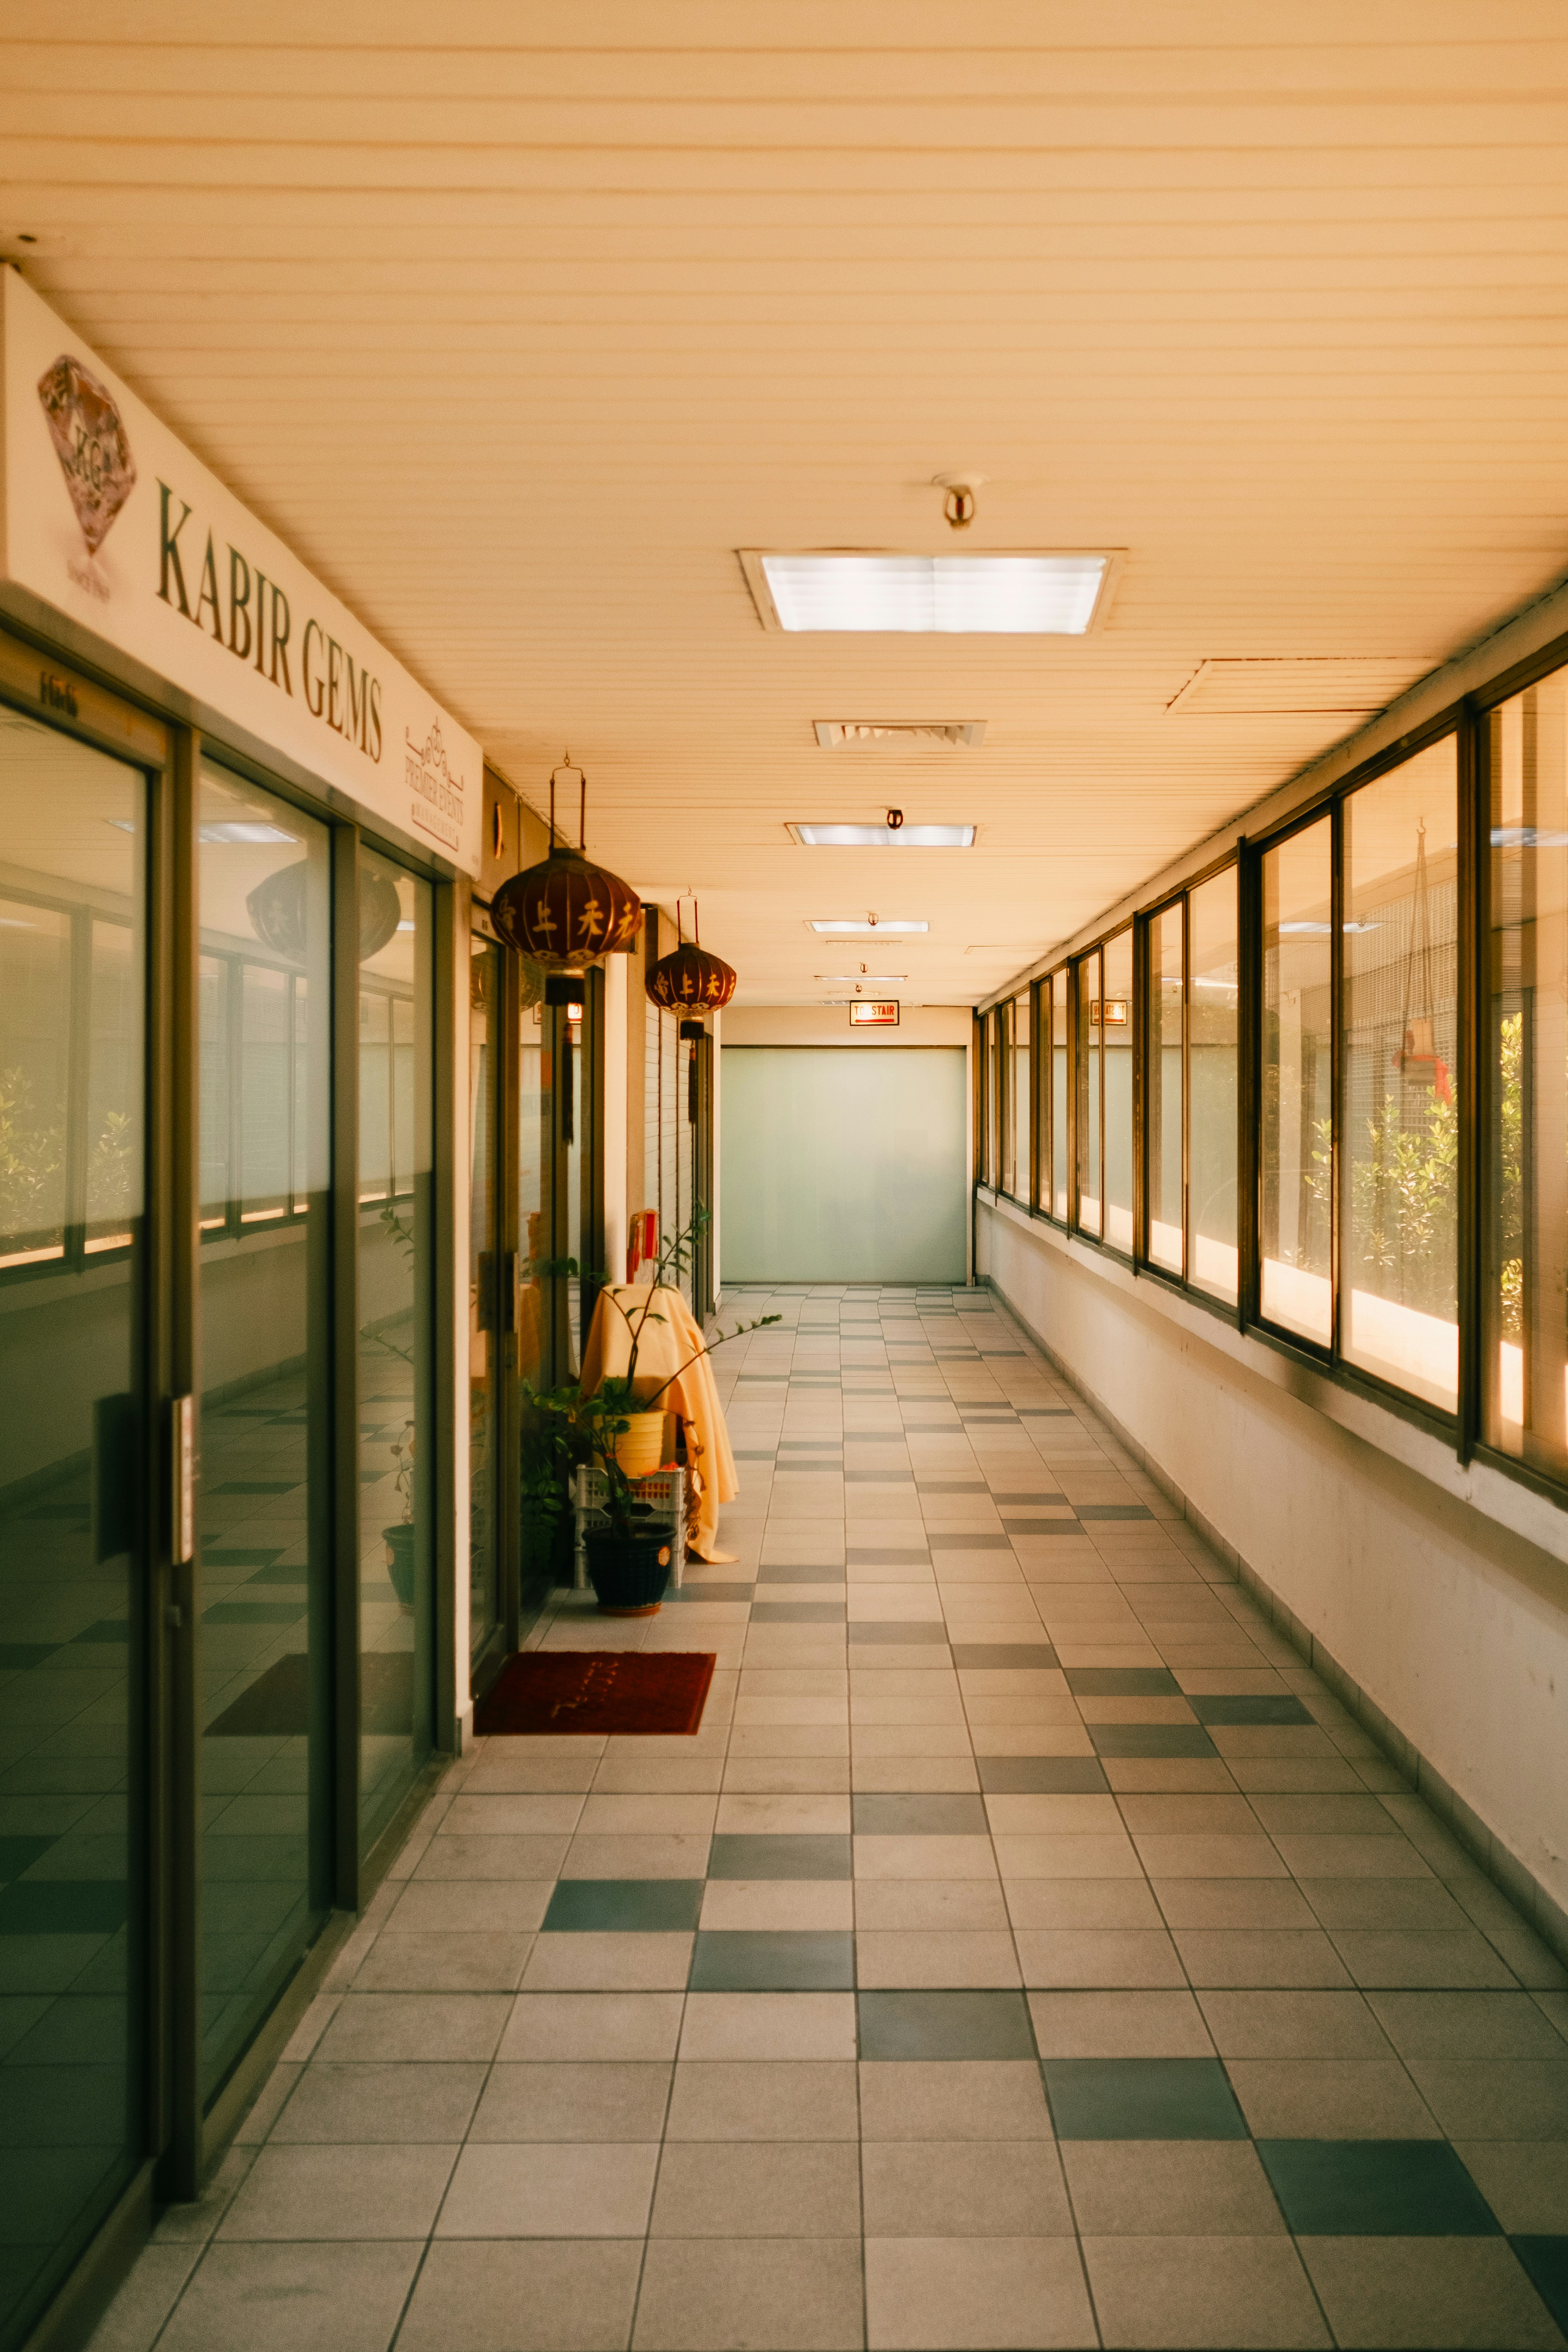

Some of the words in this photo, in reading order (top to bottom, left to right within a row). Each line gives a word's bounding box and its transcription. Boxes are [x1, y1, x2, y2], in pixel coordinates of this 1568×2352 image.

[156, 476, 294, 698] KABIR
[302, 618, 382, 765] GEMS
[405, 755, 438, 808] PREMIER
[439, 783, 464, 826] EVENTS
[855, 1006, 864, 1015] TO
[872, 1006, 894, 1015] STAIR

....

REQUIREMENT:
Reproduce every line of the material above, but drop the pictures.

EXERCISE SOLUTION:
Some of the words in this photo, in reading order (top to bottom, left to right within a row). Each line gives a word's bounding box and its transcription. Boxes are [x1, y1, x2, y2], in pixel coordinates of this 1568×2352 image.

[156, 476, 294, 698] KABIR
[302, 618, 382, 765] GEMS
[405, 755, 438, 808] PREMIER
[439, 783, 464, 826] EVENTS
[855, 1006, 864, 1015] TO
[872, 1006, 894, 1015] STAIR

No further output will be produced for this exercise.